The main purpose of the trip was to see a Fort Wayne Wizard game at their new stadium. We drove to the stadium mid-afternoon to buy our tickets. We asked for the best tickets they had. Nope. The game was sold out. We asked for standing-room-only tickets. Nope. We asked if we could get in if season ticket holders didn’t show up. Nope. We explained that we had come the whole way from Chicago to see the game. Nope.
We left the park and visited Fort Wayne (the fort, not the city). We were making alternative plans for the evening, but my thrifty friend wasn’t about to give up. He requested that we head back to the park.
We sat in the van while the he and his wife walked off toward the stadium. They wandered around asking everybody they ran into for tickets. Nope.

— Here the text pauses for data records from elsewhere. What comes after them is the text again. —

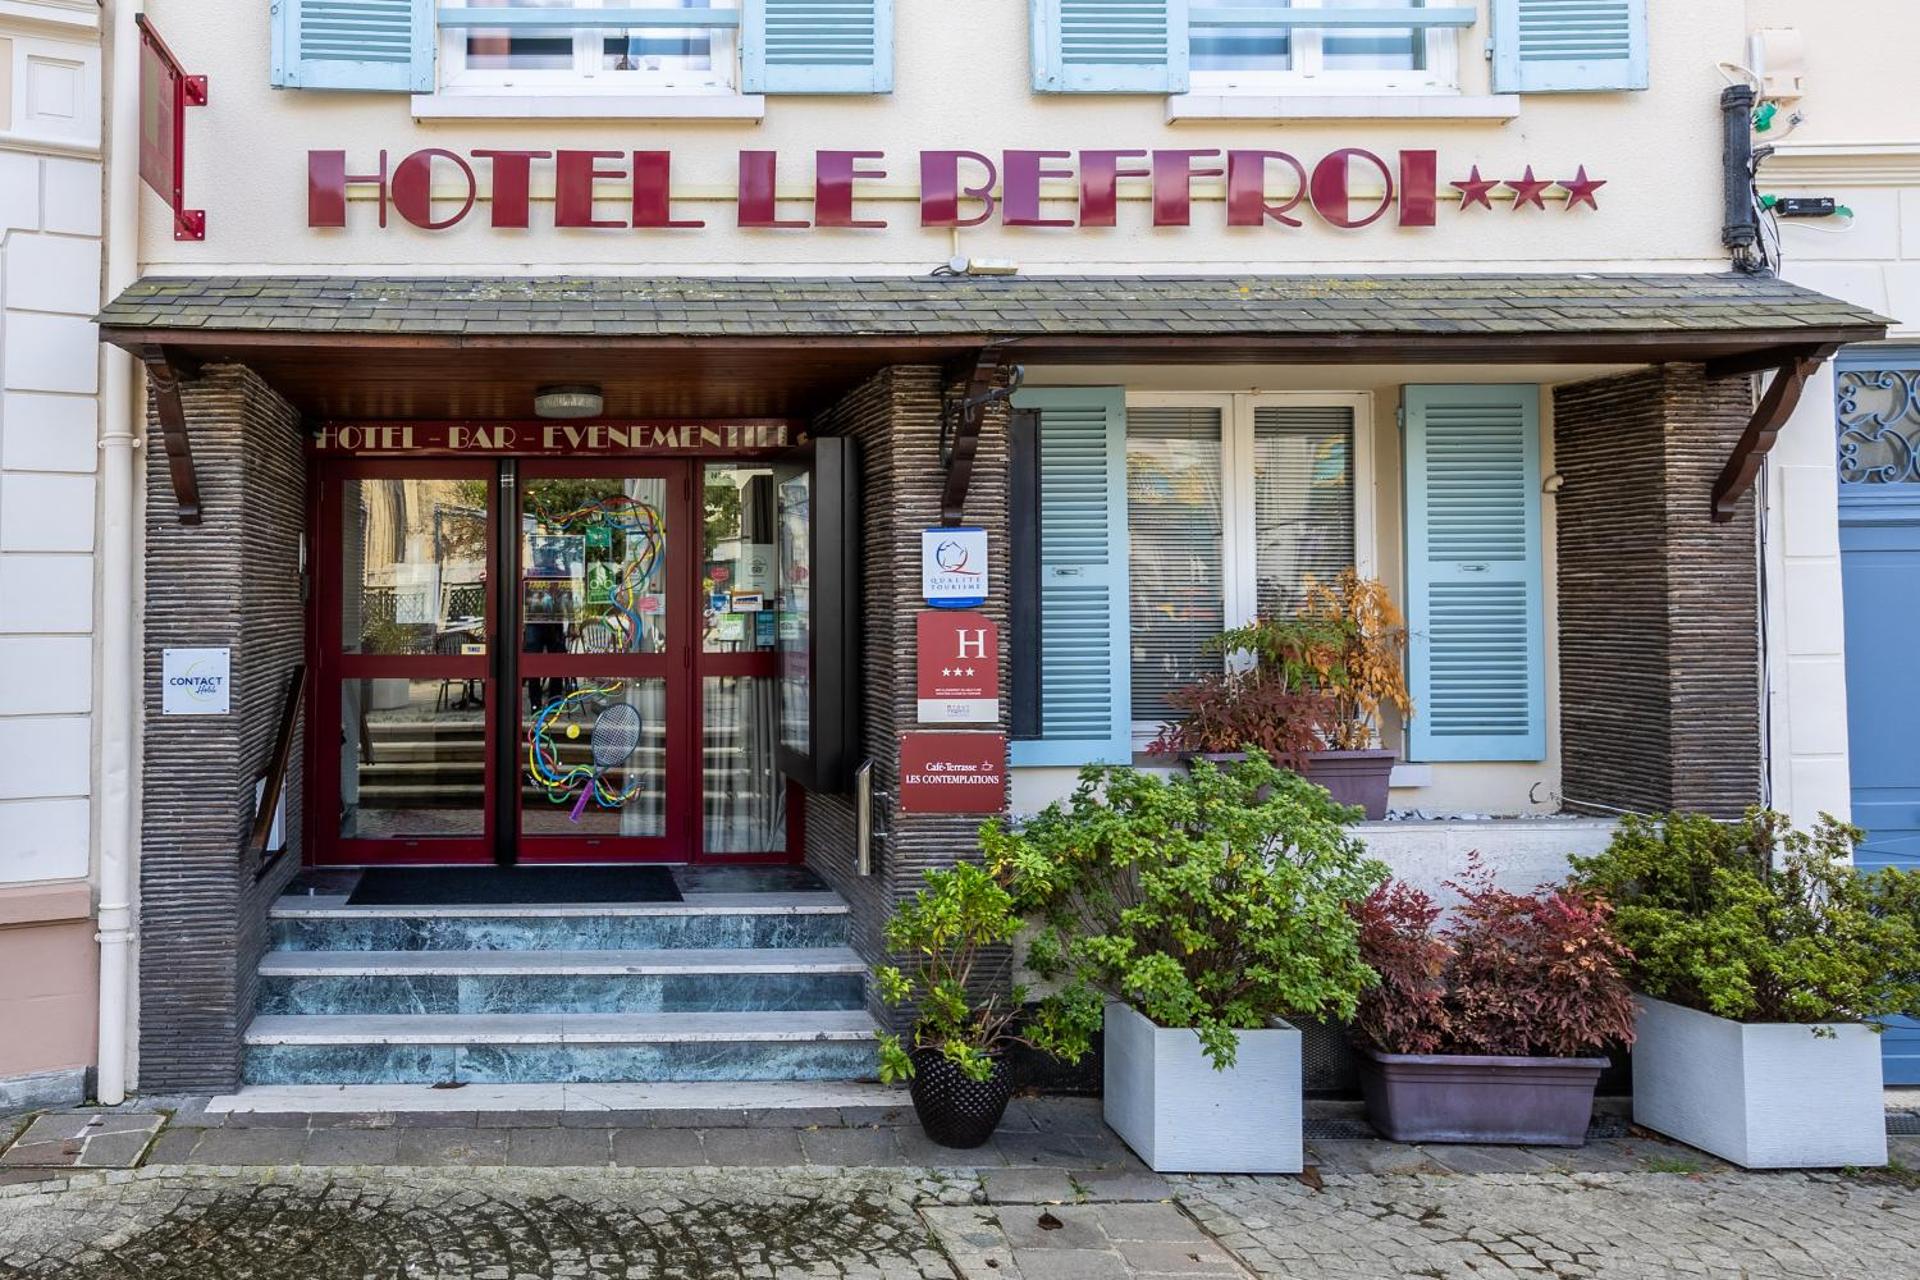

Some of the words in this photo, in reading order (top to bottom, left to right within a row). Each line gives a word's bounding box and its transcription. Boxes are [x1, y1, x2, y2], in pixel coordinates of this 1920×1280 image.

[308, 148, 705, 229] HOTEL
[737, 150, 887, 228] LE
[920, 147, 1437, 229] BEFFROI
[315, 426, 422, 449] HOTEL
[449, 426, 515, 449] BAR
[543, 425, 796, 448] EVENEMENTIEL
[955, 629, 988, 658] H
[170, 677, 223, 685] CONTACT
[925, 761, 978, 772] Café-Terrasse
[905, 774, 921, 784] LES
[922, 774, 999, 784] CONTEMPLATIONS

They found a vendors’ entrance that was opened and walked into the park, intending to find the main office and ask there or, failing that, take some pictures of the park to say they’d been there.

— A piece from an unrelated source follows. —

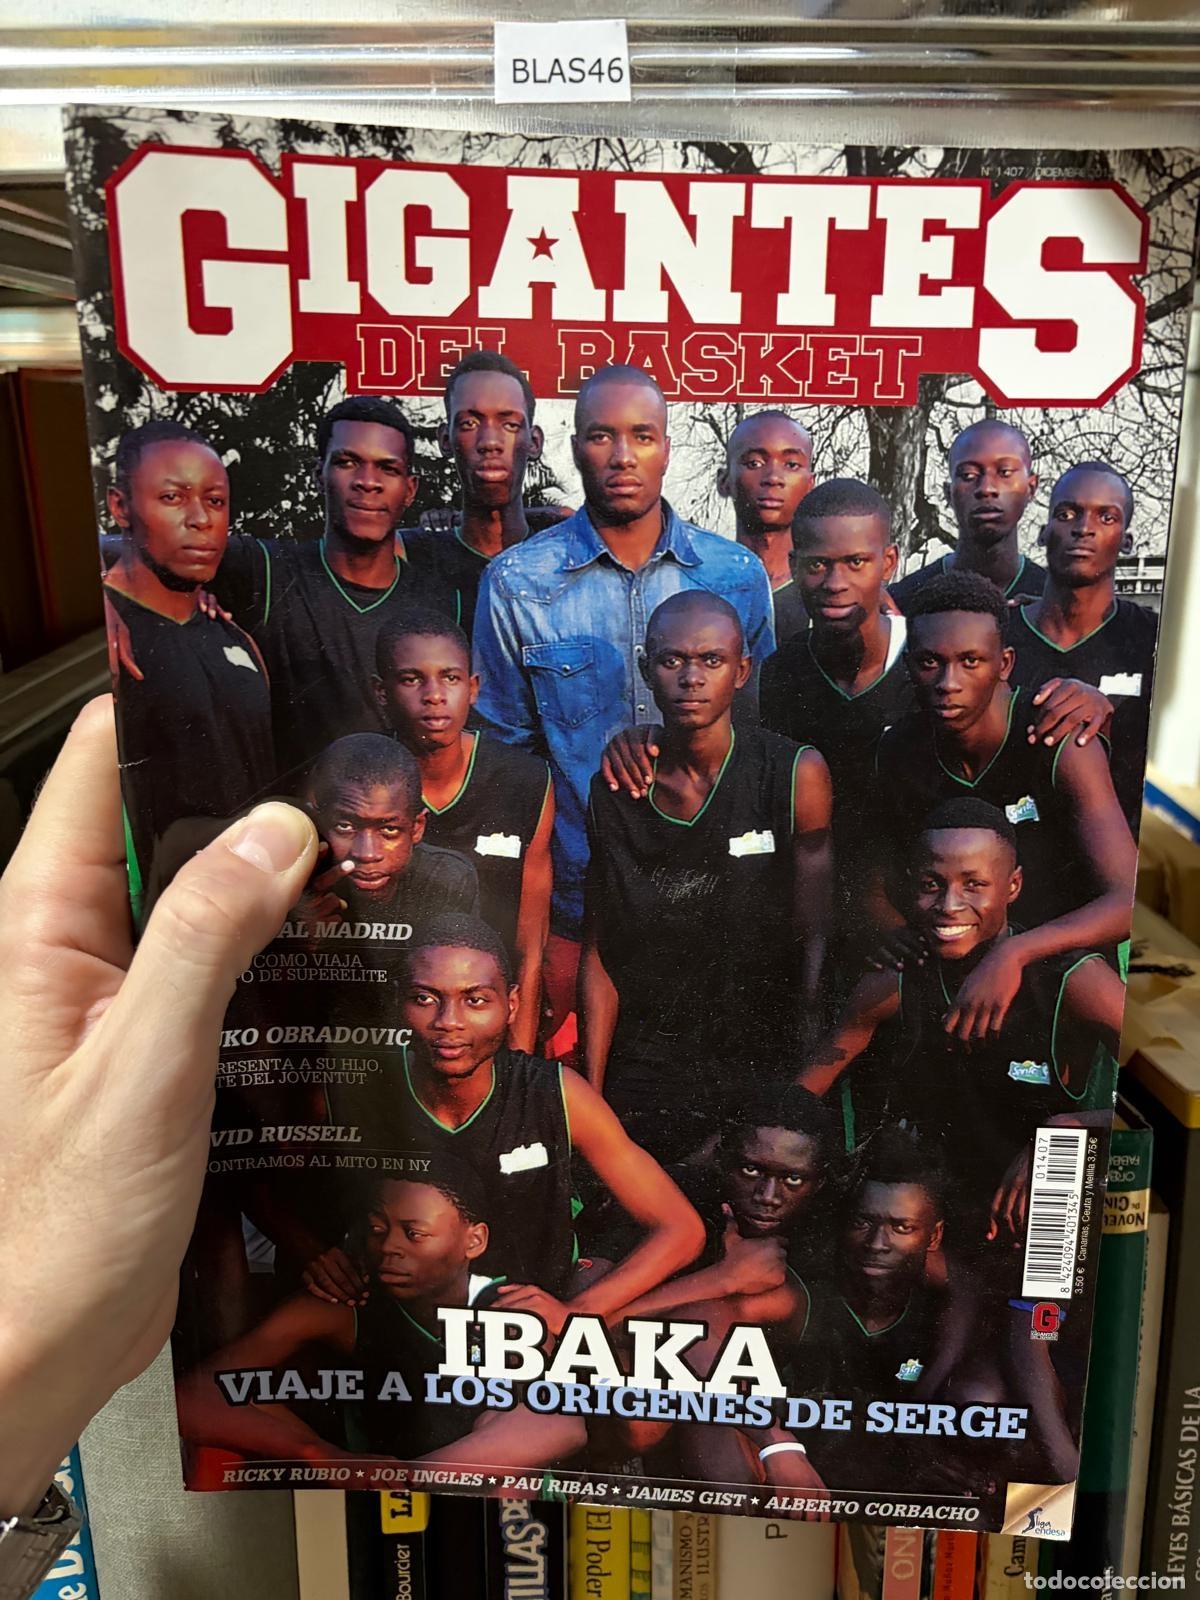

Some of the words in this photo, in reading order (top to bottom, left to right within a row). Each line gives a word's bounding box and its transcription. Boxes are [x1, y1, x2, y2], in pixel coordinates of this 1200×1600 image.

It just so happened that the Wizards were playing the Kane County Cougars, whose games the my friend and his wife attend on a regular basis. The Cougars were taking batting practice, so they sat down and watched for a while. Then my friend called to Brian Peterson, Cougar pitching coach, and motioned him to come over. He told him our tale of woe and asked if there might be any player passes available. Brian said sure, he’d be glad to help out. He told us to call at the will-call window half an hour before game time and the tickets would be waiting — and free.
We had two hours to kill, so we went back to the hotel and rested. Back at the stadium, we were surprised to discover that we had to pay to park — even my friend can’t do it all. But Brian Peterson had kept his promise. We were ushered to a side gate and told we could sit anywhere in the general admission seats. The park was jammed, and the only seats we could find were way down the left-field line by the Cougars’ bullpen, just a few feet from the outside wall.

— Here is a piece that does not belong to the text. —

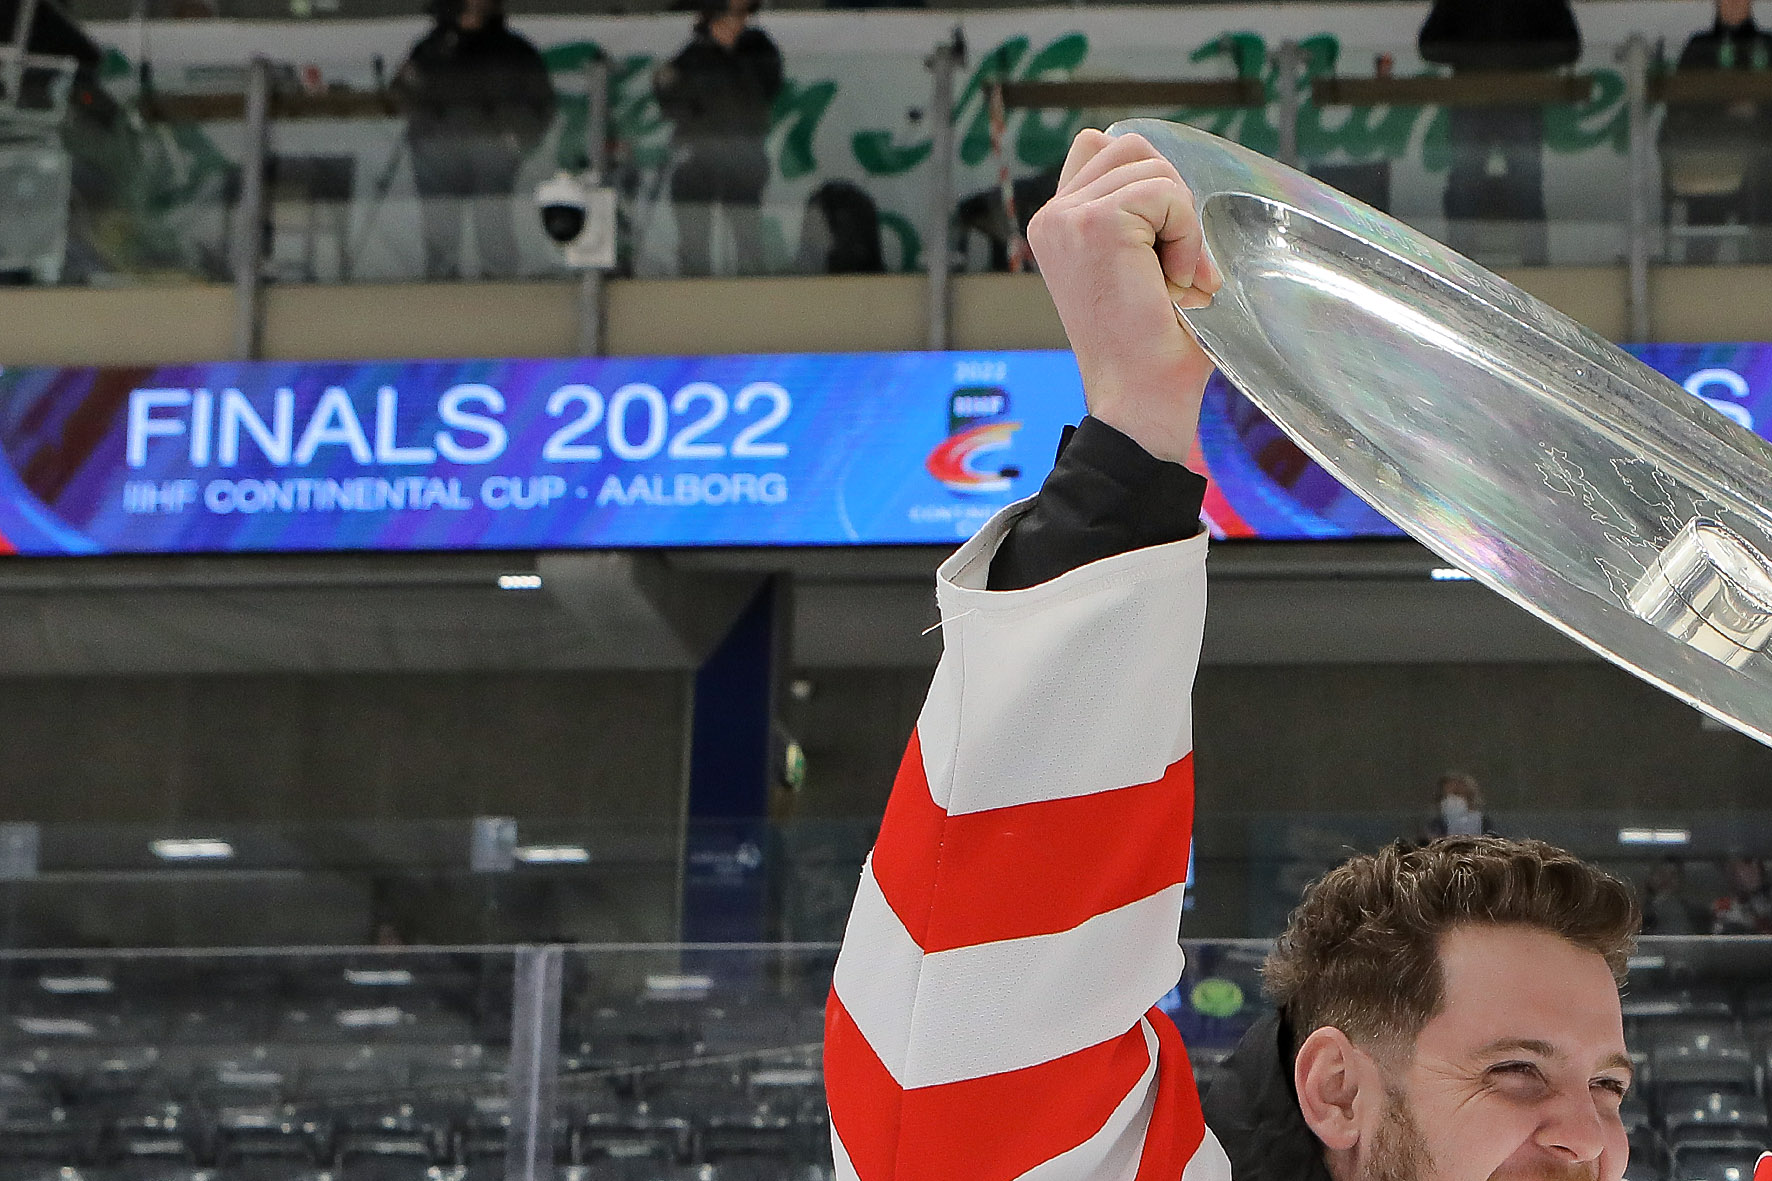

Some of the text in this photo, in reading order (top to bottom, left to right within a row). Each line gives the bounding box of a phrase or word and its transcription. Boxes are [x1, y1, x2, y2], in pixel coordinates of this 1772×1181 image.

[126, 381, 792, 468] FINALS 2022
[123, 472, 789, 514] IIHF CONTINENTAL CUP AALBORG

And there the fun ended. The game was dull. the benches had no back and were made of ribbed metal that gave me numb-butt, and the view was lousy. But it was free.
My friend had one more moment in store. We were planning on driving to South Bend on Sunday to see the Cougars play the South Bend White Sox. With one out in the bottom of the ninth, he went down and stood by the fence near the Cougars’ bullpen.
As soon as the game ended, the pitchers took off for the infield, but my friend was quicker. He called one of the pitchers — Matt Donahue — over and said, “Brian Peterson gave us passes for tonight’s game. We are going to be in South Bend tomorrow. Do you think you could get us tickets?” Donahue looked trapped, but he took our names and said he would do it.
The Wizards lost 4-2.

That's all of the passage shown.